Scope of the Paper Authors identify several limitations of metric P k Propose a modified metric – WindowDiff Claim that the new metric (WindowDiff) solves most of the problems associated with evaluation metric P k. Present results of their simulations that suggest that the modified metric is an improvement over the original.
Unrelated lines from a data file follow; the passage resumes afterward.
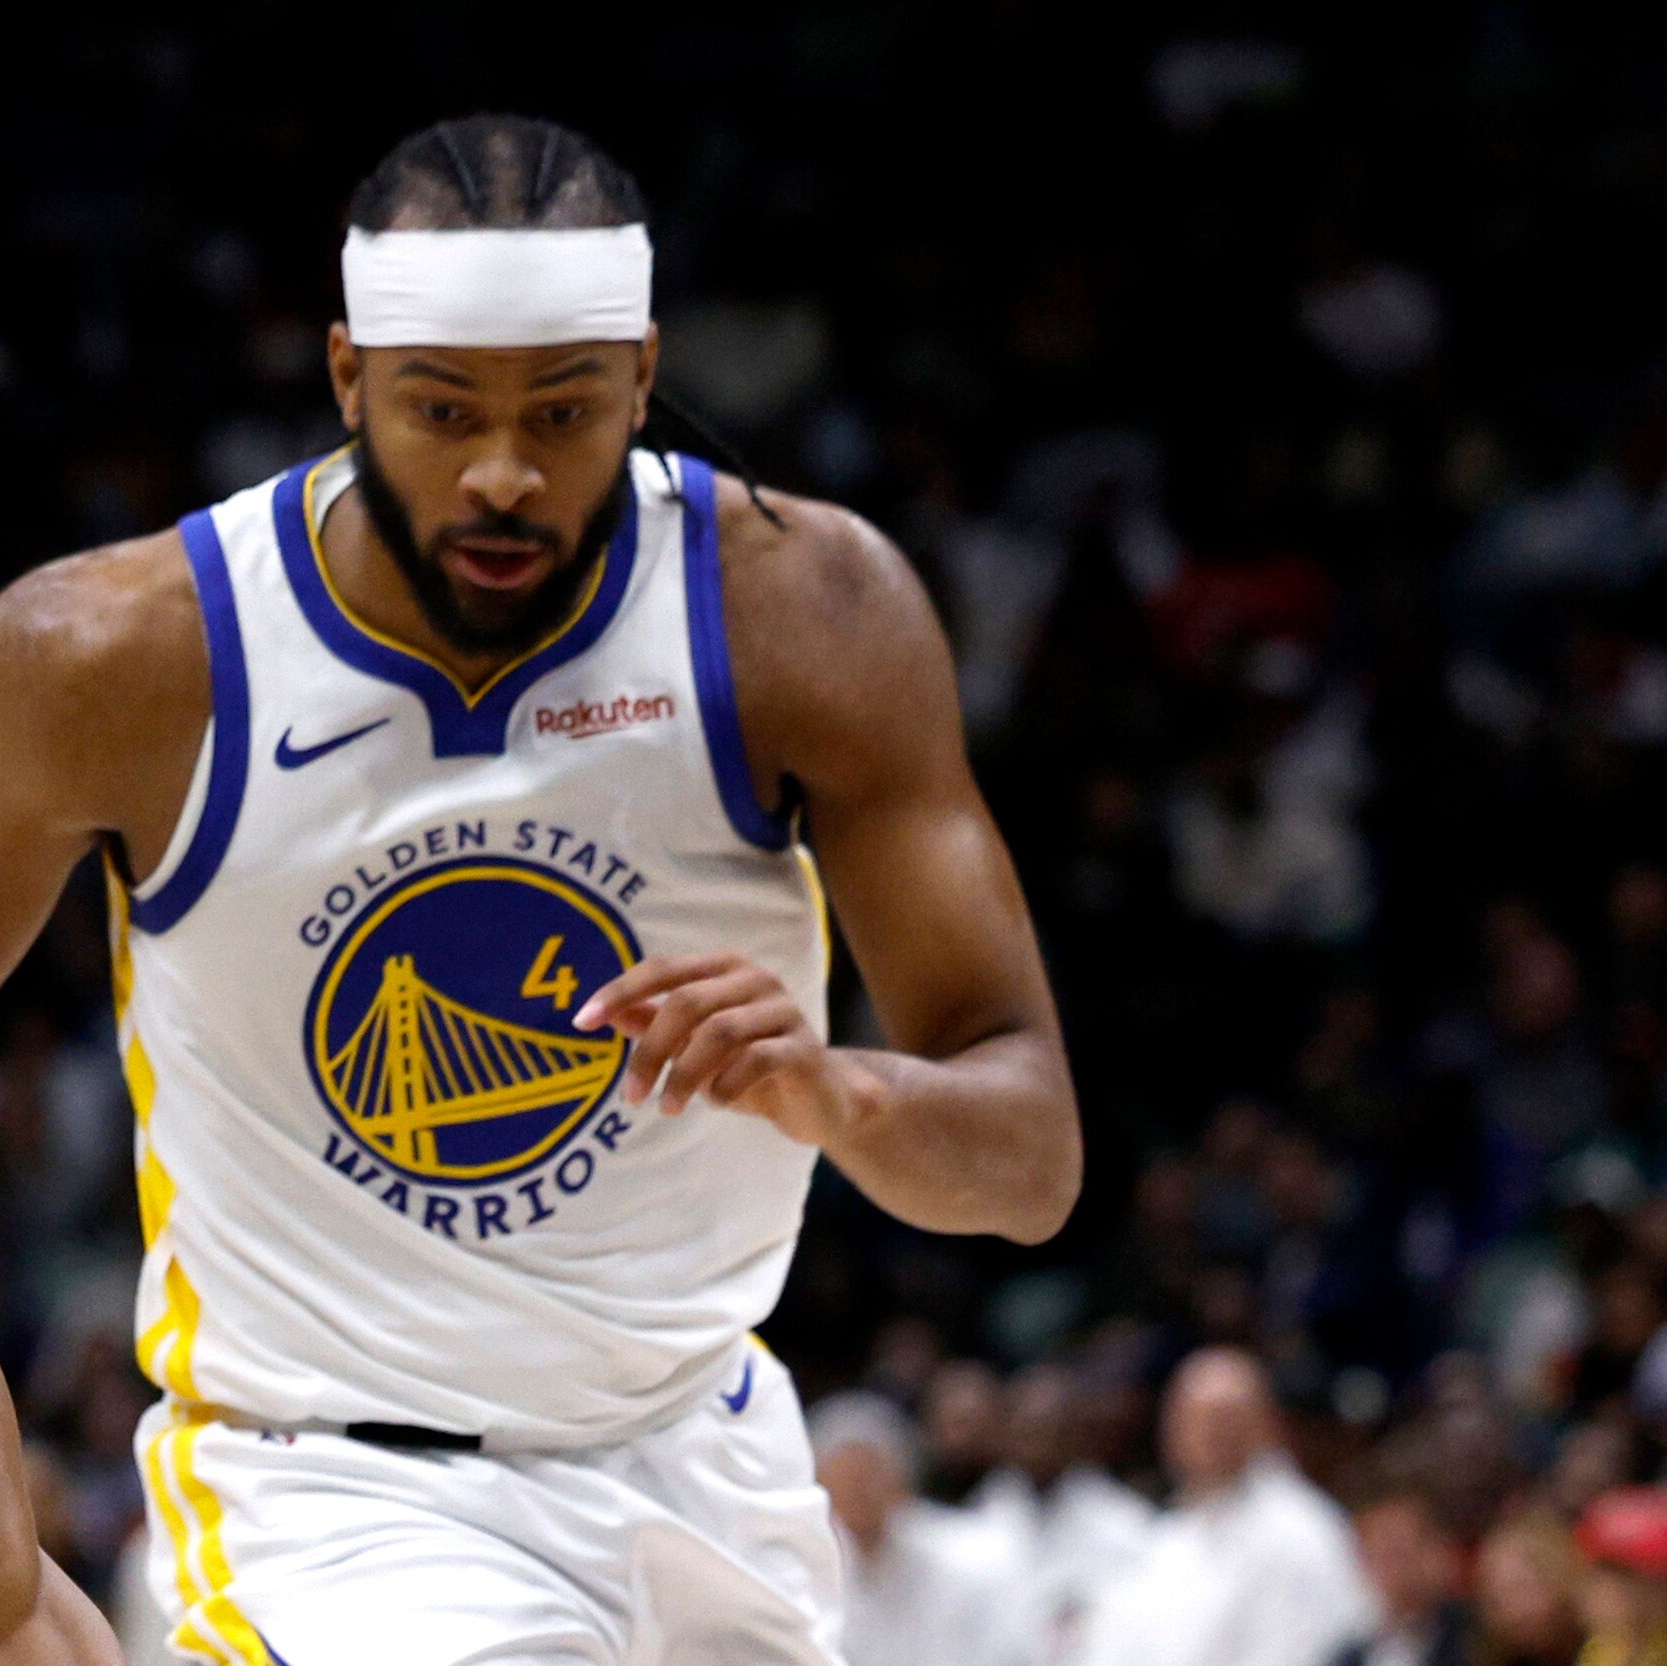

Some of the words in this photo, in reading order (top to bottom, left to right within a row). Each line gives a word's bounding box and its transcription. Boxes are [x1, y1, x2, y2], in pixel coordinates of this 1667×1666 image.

[536, 695, 674, 738] Rakuten
[301, 820, 486, 947] GOLDEN
[515, 820, 648, 903] STATE
[520, 936, 578, 1009] 4
[321, 1111, 632, 1239] WARRIOR
Problems with Metric P k ● False Negatives Penalized More Than False Positives – False Negatives always assigned a penalty 'k' – On an average, False Positives assigned a penalty of 'k/2'. ● Number of Boundaries Between Probe Ends Ignored – Causes some errors to go un-penalized ● Sensitivity to Variations in Segment Size – As segment size gets smaller, penalty for both false positives and false negatives decreases – As segment size increases, penalty for false positives increases ● Near-Miss Error Penalized Too Much ● P k is Non-intuitive and its Interpretation is Difficult

Modified Metric - WindowDiff For each position of the probe, compute: ● r i – the number of reference segmentation boundaries that fall between the two ends of a fixed-length probe. ● a i – the number of boundaries that are assigned in this interval by the algorithm The algorithm is penalized if the two numbers do not match, that is if | r i – a i | > 0

Validation via Simulation Simulations performed for following metrics: Evaluation Metric P k Metric P' k (which doubles penalty for false positives) WindowDiff. Simulation Details A single trial included generating a reference segmentation of 1,000 segments Generating different experimental segmentations of a specific type 100 times Computing the metrics and averaging over 100 results. Different segment size distributions were used

Results for WindowDiff Successfully distinguishes 'near misses' as a separate kind of error. Penalizes near misses less than pure false positives and pure false negatives. Gives equal weight to false positive and false negative penalties (eliminates the asymmetry seen in P k metric). Catches false positives and false negatives within segments of length less than k. Only slightly affected by variation in segment size distribution

Interpretation of WindowDiff Test Results show that WindowDiff metric grows in a roughly 'linear' fashion with the difference between the reference and the experimental segmentations. WindowDiff metric value can be interpreted as an indication of the number of discrepancies occurring between the reference and the algorithm’s result. Evaluation Metric P k is a measure of how often two text units are incorrectly labelled as being in different segments. This interpretation is less intuitive.

Conclusions Evaluation Metric P k suffered from several drawbacks A modified version P' k which doubles the false positive penalty can only solve the problem of over-penalizing false negatives but not the other problems. Metric WindowDiff is able to solve all problems associated with P k. Popularity of the new metric WindowDiff A search on internet shows several citations of this paper. Most people in text and media segmentation now use the WindowDiff measure.